Pada bulan Maret, China berselisih dengan Filipina tentang apakah mereka telah menyumbangkan alat uji COVID-19 yang akurat. Pada bulan April sebuah surat kabar China mengeluh bahwa Vietnam menempatkan China dalam “situasi yang memalukan” dengan menghentikan penerbangan antar negara mereka untuk mengekang virus.
Dan Malaysia memprotes kapal China yang muncul di Laut China Selatan yang disengketakan, beberapa khawatir Beijing bertindak sementara dunia sibuk dengan pandemi.
Akan tetapi, berbeda dengan deretan rintangan diplomatik, tampaknya ada titik terang relatif bagi China di Asia Tenggara: Singapura.
Negara kepulauan itu telah menyumbangkan jutaan dolar dan pasokan untuk penanggulangan virus China, berjanji untuk melakukan penelitian vaksin bersama, dan merayakan 30 tahun hubungan diplomatik.
“Singapura berdiri dalam solidaritas dengan China,” kata Presiden Singapura Halimah Yacob dalam sebuah surat kepada mitranya dari China, Xi Jinping, di awal pandemi. Dia mengatakan “tindakan cepat, tegas dan komprehensif” akan membantu “mengatasi COVID-19 dengan kekuatan dan ketabahan.”
Meskipun Perdana Menteri Singapura Lee Hsien Loong menyebutnya tidak membantu China dan AS untuk saling menyalahkan atas virus tersebut, peneliti Sophie Boisseau du Rocher mempertanyakan apakah Asia Tenggara bersedia menyalahkan China, tempat virus itu berasal.
Dia berpendapat ketergantungan kawasan itu pada China telah membuat para pemimpinnya enggan bersikap kritis di tengah krisis.
“Meskipun China menjadi ancaman bagi Asia Tenggara dengan salah menangani wabah awal krisis, tidak ada kesalahan yang diungkapkan secara terbuka di kawasan itu,” du Rocher, seorang peneliti senior di Pusat Studi Asia di Institut Hubungan Internasional Prancis, menulis di The Diplomat.
Mengutip contoh dari perdana menteri Singapura hingga Presiden Myanmar U Win Myint, dia mengatakan para pemimpin di seluruh Asia Tenggara telah memberikan tepuk tangan untuk menyambut tanggap darurat Xi.
Sementara du Rocher menggambarkan ini sebagai tren regional, Vriens & Partners menunjuk pada hubungan yang hangat antara Singapura dan China khususnya di tengah krisis. Perusahaan konsultan menulis dalam analisisnya bahwa sumbangan Singapura ke China adalah contoh langka dari “diplomasi buku cek” dari negara mikro.
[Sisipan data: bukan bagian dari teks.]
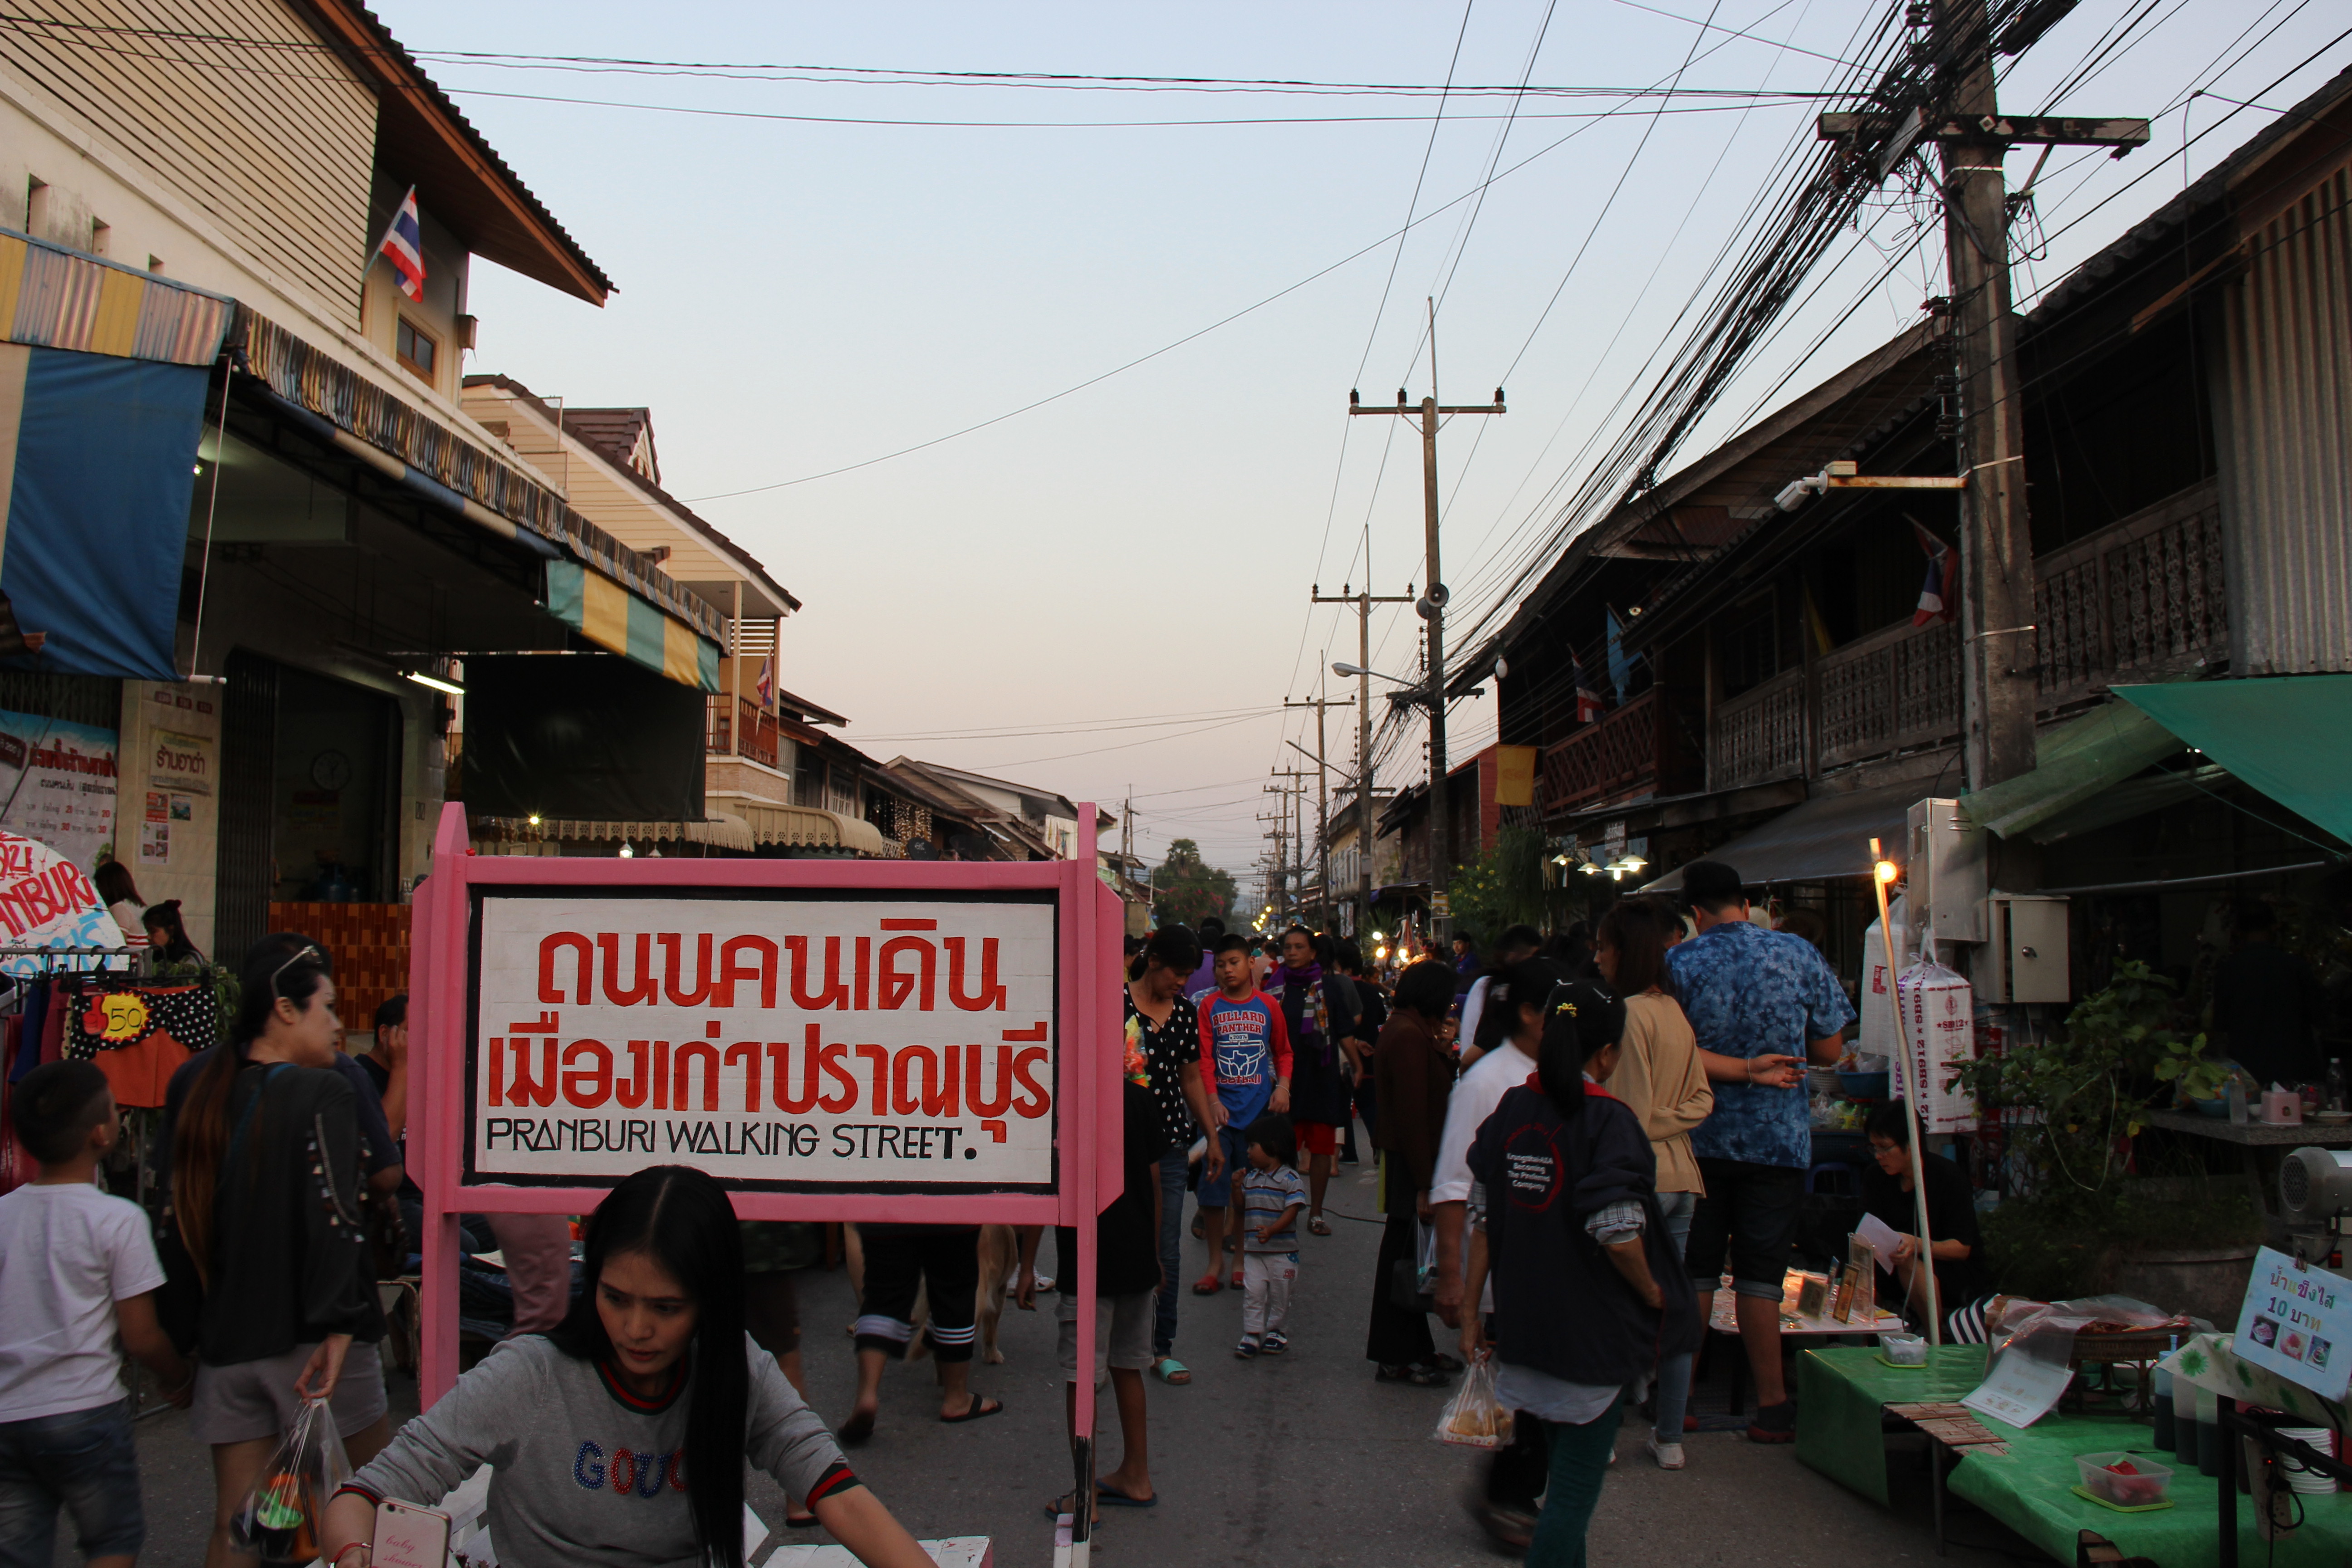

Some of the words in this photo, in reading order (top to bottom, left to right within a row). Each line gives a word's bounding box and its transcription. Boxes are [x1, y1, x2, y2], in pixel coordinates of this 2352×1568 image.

[61, 823, 70, 831] 30
[98, 825, 107, 833] 30
[538, 919, 1006, 1012] ถนนคนเดิน
[1212, 1010, 1266, 1028] BULLARD
[1217, 1023, 1263, 1036] PANTHER
[488, 1012, 1051, 1143] เมืองเก่าปราณบุรี
[1917, 1039, 1928, 1088] SB912
[487, 1117, 655, 1152] PRANBURI
[666, 1119, 820, 1156] WALKING
[833, 1124, 977, 1160] STREET.
[2268, 1296, 2288, 1317] 10
[2290, 1308, 2321, 1332] บาท
[386, 1535, 415, 1554] baby
Perdana Menteri Singapura, ketika ditanya tentang upaya Washington untuk menyematkan pandemi di Beijing, justru mengatakan bahwa “paling konstruktif” untuk fokus pada solusi. Selain China, Lee mencatat bahwa negara lain juga berjuang untuk menahan virus.
“Saya tidak berpikir secara keseluruhan bahwa orang dapat mengatakan ini tidak akan terjadi jika hanya China yang melakukan hal yang benar,” katanya di CNN akhir Maret. “Karena Anda melihat bagaimana wabah terus berlanjut, tumbuh dan menyebar di banyak negara.”
China merupakan mitra dagang terbesar Singapura, dengan perdagangan dua arah senilai 137 miliar dolar Singapura pada 2019. Dengan sejarah ikatan budaya, 75% warga Singapura adalah etnis Tionghoa.
Ketika warga negara ditanya tentang negara atau organisasi asing mana yang memiliki pengaruh ekonomi paling besar di wilayah tersebut, tidak ada persaingan. Hampir 70% orang mengatakan jawabannya adalah China, diikuti oleh Amerika Serikat dan kemudian Perhimpunan Bangsa-Bangsa Asia Tenggara, menurut survei tahun 2019 dari ISEAS-Yusof Ishak Institute di Singapura.
Pengaruhnya diperkirakan akan meningkat. Ketika ditanya tentang peran masa depan Beijing sebagai kekuatan utama, 57% setuju dengan pernyataan, “China akan menjadi kekuatan revisionis dengan maksud untuk mengubah Asia Tenggara menjadi wilayah pengaruhnya.” Pilihan lainnya adalah China bisa menjadi alternatif kekuatan AS atau menjadi kekuatan yang jinak.